A major new report from the Evan B. Donaldson Adoption Institute explores the changing face of adoption in America, and the “new reality” in which “the vast majority of infant adoptions are ‘open,’ meaning the two families have some level of ongoing relationship.” Not only that, the report says, but the demographics—such as race, ethnicity, nationality, and class—of both adopted children and adoptive parents are shifting, too.
The report, “Openness in Adoption: From Secrecy and Stigma to Knowledge and Connections,” found that:
- “Closed” infant adoptions have shrunk to a tiny minority (about 5 percent), with 40 percent “mediated” and 55 percent “open.” In addition, 95 percent of agencies now offer open adoptions.

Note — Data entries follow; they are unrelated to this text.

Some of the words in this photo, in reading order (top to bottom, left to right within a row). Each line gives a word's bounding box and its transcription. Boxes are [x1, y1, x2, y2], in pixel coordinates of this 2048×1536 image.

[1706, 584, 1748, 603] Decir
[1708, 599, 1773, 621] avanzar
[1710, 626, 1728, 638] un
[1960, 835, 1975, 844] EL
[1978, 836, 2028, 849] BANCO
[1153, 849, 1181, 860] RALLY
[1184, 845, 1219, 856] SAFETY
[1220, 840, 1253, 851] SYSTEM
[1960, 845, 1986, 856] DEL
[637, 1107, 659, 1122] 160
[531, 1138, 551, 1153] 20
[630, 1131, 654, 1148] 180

- In the overwhelming majority of infant adoptions, adoptive parents and expectant parents considering adoption meet, and the expectant parents pick the new family for their baby.

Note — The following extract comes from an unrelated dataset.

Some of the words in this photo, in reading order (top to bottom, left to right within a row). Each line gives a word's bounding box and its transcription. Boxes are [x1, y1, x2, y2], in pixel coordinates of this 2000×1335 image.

- Adoptive parents, like most participants in open adoptions, report positive experiences; more openness is also associated with greater satisfaction with the adoption process.
- Women who have placed their infants for adoption—and then have ongoing contact with their children—report less grief, regret and worry, as well as more peace of mind.

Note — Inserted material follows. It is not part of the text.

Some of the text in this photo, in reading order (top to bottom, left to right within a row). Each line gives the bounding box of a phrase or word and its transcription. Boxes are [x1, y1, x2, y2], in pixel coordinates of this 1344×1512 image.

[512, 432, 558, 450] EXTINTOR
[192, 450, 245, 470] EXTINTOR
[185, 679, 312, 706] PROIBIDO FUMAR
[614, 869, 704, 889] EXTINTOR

- The primary beneficiaries of openness are the adopted persons—as children and later in life—because of access to birth relatives, as well as to their own family and medical histories.
But open adoptions are not the only change:
For generations until the second half of the 20th Century, nearly all formal adoptions in our country consisted of white, married, infertile couples adopting babies born to white, single women. Today, most adoptions in the U.S. are of older children, many of whom are of color, and a growing percentage of whom do not share their new parents’ race, ethnicity or nationality. Likewise, the profile of the women and men who are adopting has changed dramatically; today, they are people who are fertile, of color, single, older, gay, lesbian, cohabitating, and from a wide range of incomes and educational backgrounds. . . . One common denominator remains among the adults involved, however: They typically start out with limited information about adoption’s current realities—and what they do know is gleaned primarily from the media, whose own understanding of the process and of the millions of people it affects is often less than complete or accurate.
In order to address some of these issues, the report “identifies factors that are important to achieving successful open adoption relationships and offers research-based recommendations for overcoming the fears, misconceptions and other barriers that the affected parties often face. The recommendations include counseling and training for all the parents involved (expectant and adoptive), as well as post-placement services to help them and their children work through any challenges they encounter.”